Routine is key

The effects of paralysis on the digestive system and bowel can prove challenging and range from constipation to unexpected accidents. Thankfully, reports LIANA SHAW, most of these can be managed effectively by following a fixed routine

Paralysis disrupts the bowel system, with two main types of neurogenic bowel dysfunction commonly reported by people with SCI. An injury above the conus medullaris (at L1) results in upper motor neuron (UMN) bowel syndrome, whereas lower motor neuron (LMN) bowel syndrome occurs in injuries below L1.

Those with UMN, or hyperreflexic bowel, are prone to constipation and stool retention as a result of the anal sphincter remaining tight. This often requires the use of an outside stimulus such as a suppository or digital stimulation to promote bowel movement.

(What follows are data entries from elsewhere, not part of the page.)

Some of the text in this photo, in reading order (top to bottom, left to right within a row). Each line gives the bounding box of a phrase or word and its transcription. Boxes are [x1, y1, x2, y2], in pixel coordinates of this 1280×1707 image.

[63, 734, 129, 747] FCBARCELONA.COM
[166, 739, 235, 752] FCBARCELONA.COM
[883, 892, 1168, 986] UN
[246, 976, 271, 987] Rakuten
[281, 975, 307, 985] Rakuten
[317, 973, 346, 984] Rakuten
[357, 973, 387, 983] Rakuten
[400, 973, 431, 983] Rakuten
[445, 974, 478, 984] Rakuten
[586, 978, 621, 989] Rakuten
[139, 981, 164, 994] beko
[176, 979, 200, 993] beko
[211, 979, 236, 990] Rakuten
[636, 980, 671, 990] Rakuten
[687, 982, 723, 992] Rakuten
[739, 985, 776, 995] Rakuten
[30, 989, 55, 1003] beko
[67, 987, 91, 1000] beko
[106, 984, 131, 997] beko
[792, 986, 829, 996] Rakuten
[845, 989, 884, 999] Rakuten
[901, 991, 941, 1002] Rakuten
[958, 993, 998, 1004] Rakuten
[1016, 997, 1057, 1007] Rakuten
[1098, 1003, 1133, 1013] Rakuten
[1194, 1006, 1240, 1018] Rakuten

In contrast, LMN, or flaccid bowel, is marked by loss of stool movement (peristalsis) and slow stool propulsion, often leading to constipation and incontinence owing to a non-functioning anal sphincter.

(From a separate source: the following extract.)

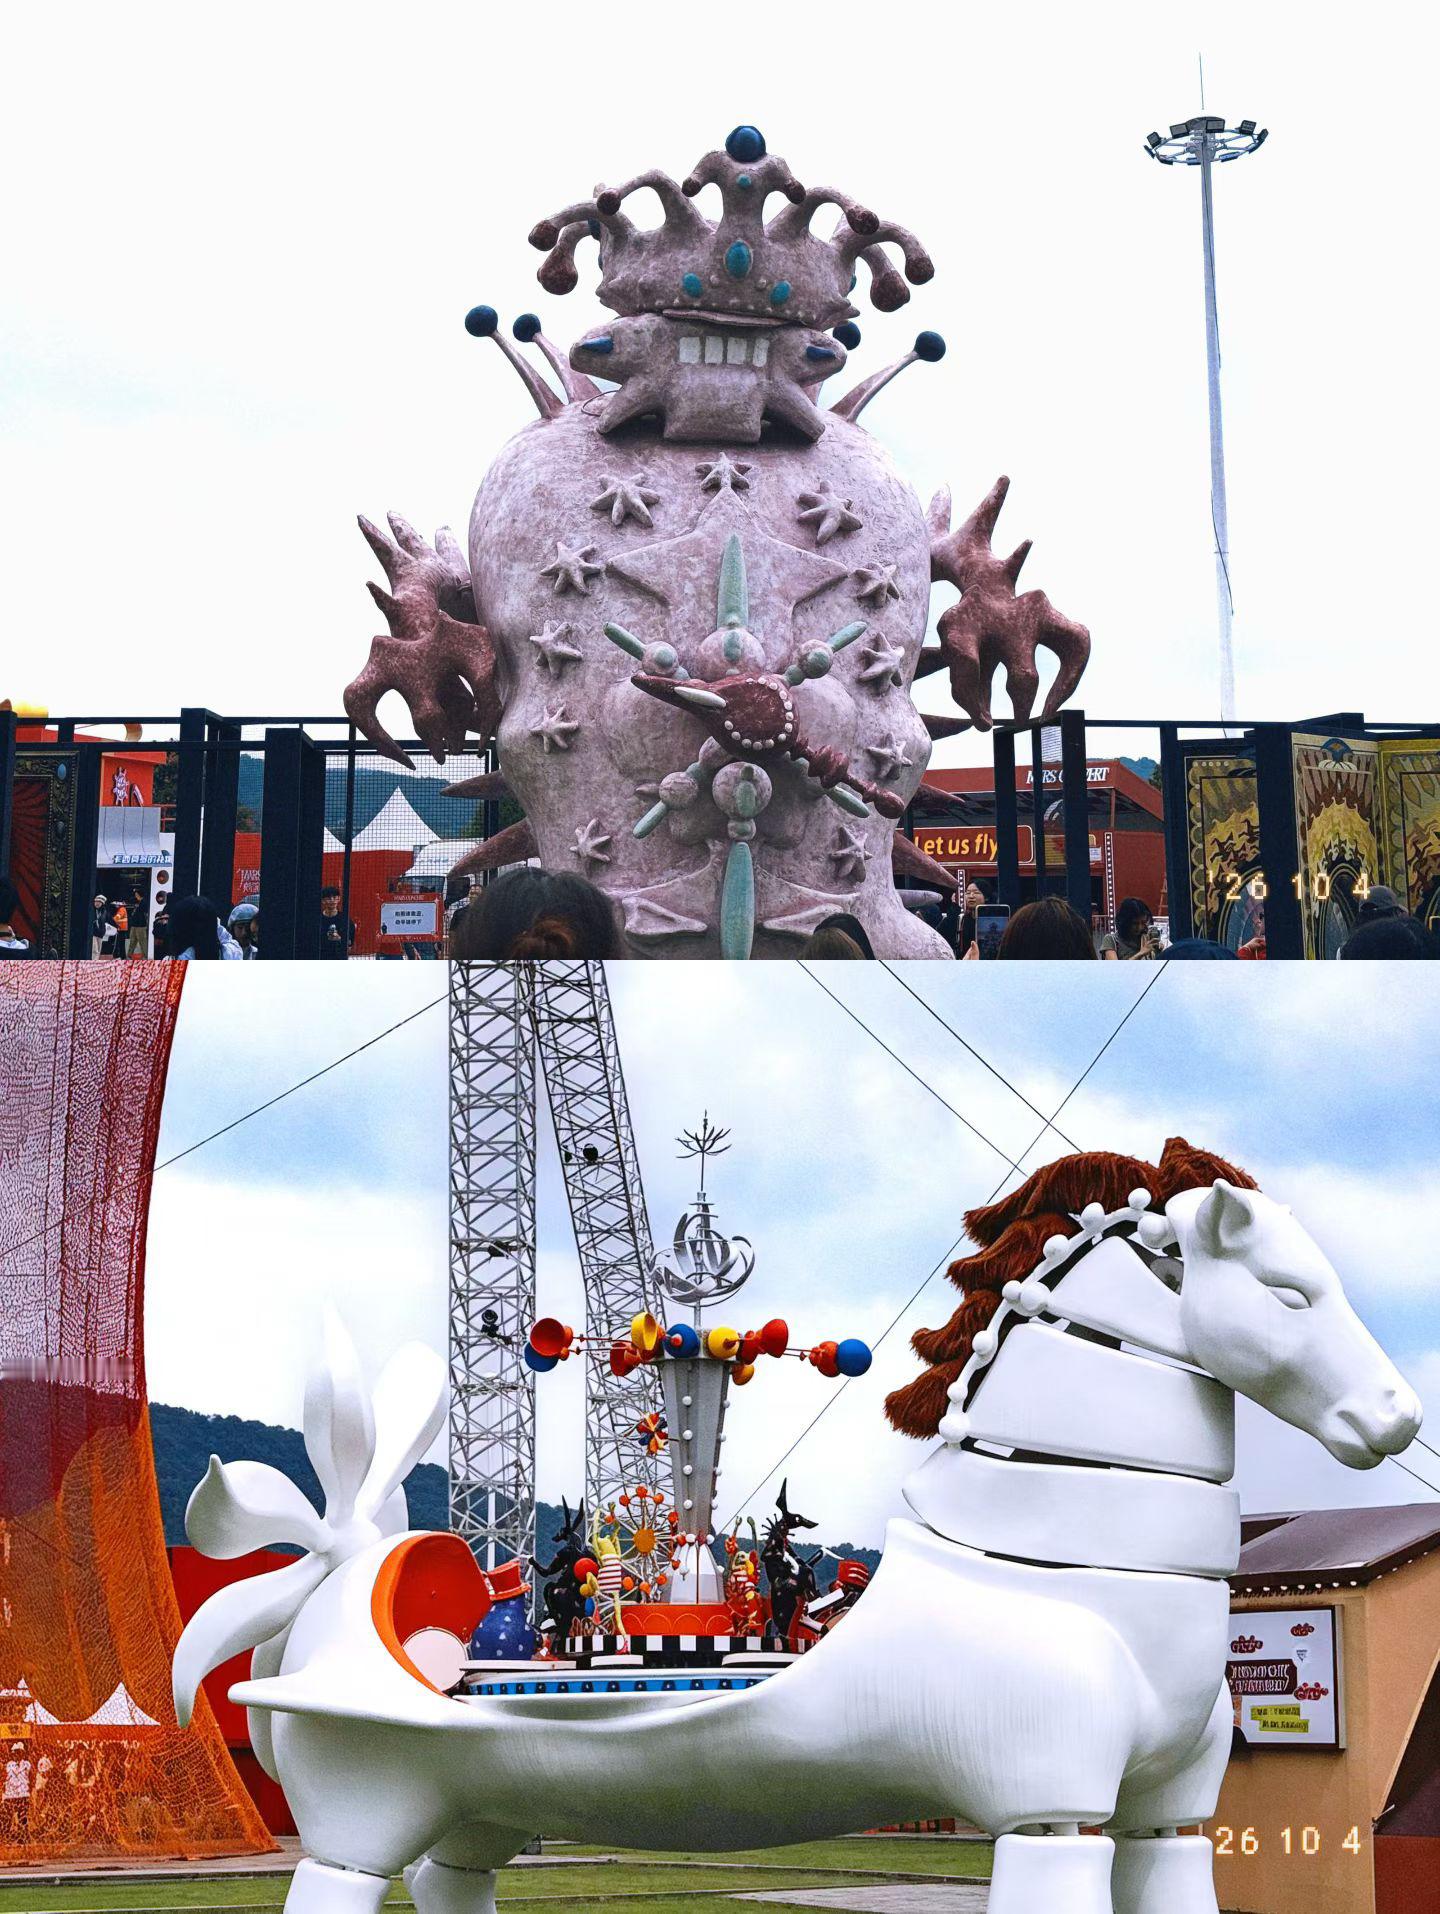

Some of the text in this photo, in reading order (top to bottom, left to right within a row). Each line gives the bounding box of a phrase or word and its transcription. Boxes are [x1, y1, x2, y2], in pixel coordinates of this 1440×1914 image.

[1026, 769, 1057, 785] MRS
[948, 838, 970, 855] us
[975, 833, 998, 861] fly

According to the National Spinal Injuries Centre (NSIC), which is part of the NHS Buckinghamshire Hospitals group in the United Kingdom, the best way to prevent bowel accidents is to develop and follow a fixed routine.

Developing an individual bowel routine is a very personal and individual process that often involves some trial and error, especially in the early stages.

The NSIC advises keeping a record of daily bowel management outcomes, along with such details as oral
and rectal medication used, how long bowel movement takes and whether there have been episodes of
incontinence.

It further recommends that you consider the individual’s bowel habit before the injury, in other words, how frequently they used to have bowel movements and at what time of day. This information will be helpful in establishing a daily or alternate day routine at a time that will be most appropriate to their intended lifestyle.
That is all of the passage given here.